_DESCRIPTION OF THE TASK_.
For each entry below, copy the text exactly and leave out any picture.

<<<<

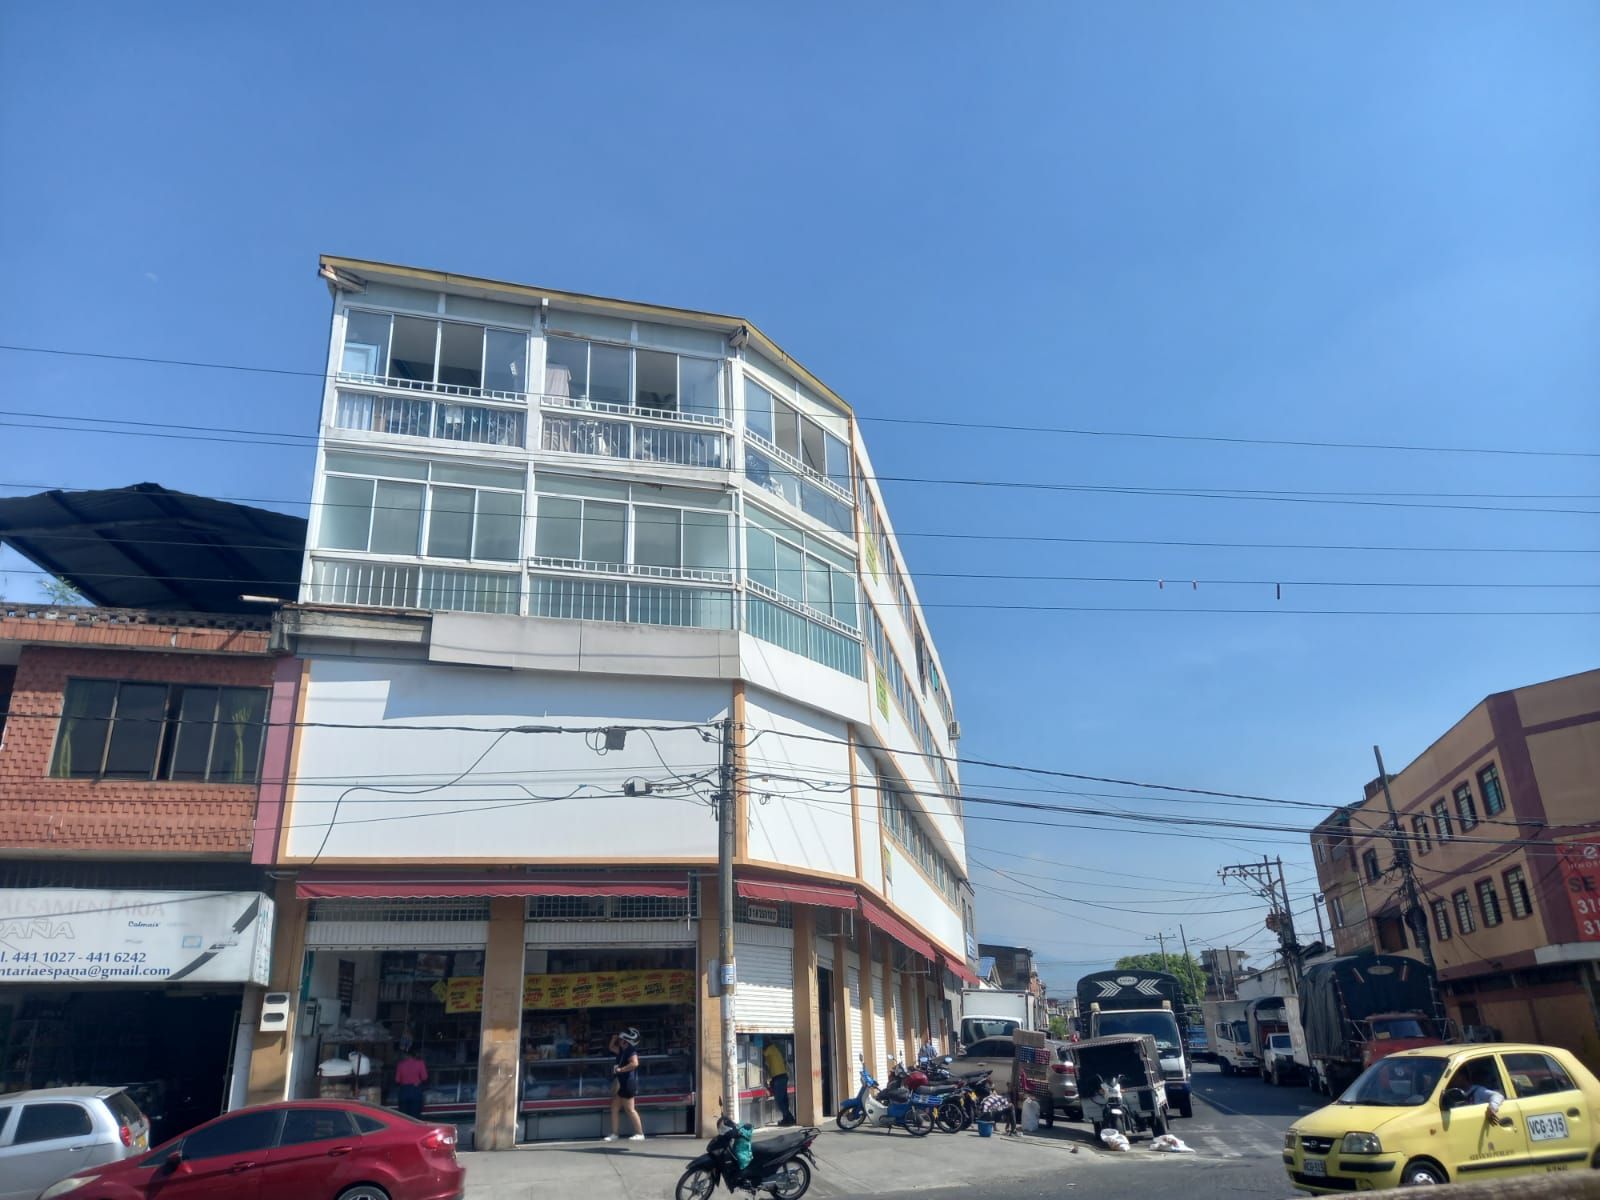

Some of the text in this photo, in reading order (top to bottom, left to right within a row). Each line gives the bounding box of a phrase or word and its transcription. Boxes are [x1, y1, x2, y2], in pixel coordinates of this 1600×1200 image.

[1568, 876, 1597, 893] SE
[12, 951, 38, 963] 441
[43, 951, 76, 963] 1027
[86, 951, 111, 963] 441
[113, 951, 147, 963] 6242

>>>>

_SOLUTION FOR THIS PROBLEM_.
Some of the text in this photo, in reading order (top to bottom, left to right within a row). Each line gives the bounding box of a phrase or word and its transcription. Boxes are [x1, y1, x2, y2], in pixel coordinates of this 1600×1200 image.

[1568, 876, 1597, 893] SE
[12, 951, 38, 963] 441
[43, 951, 76, 963] 1027
[86, 951, 111, 963] 441
[113, 951, 147, 963] 6242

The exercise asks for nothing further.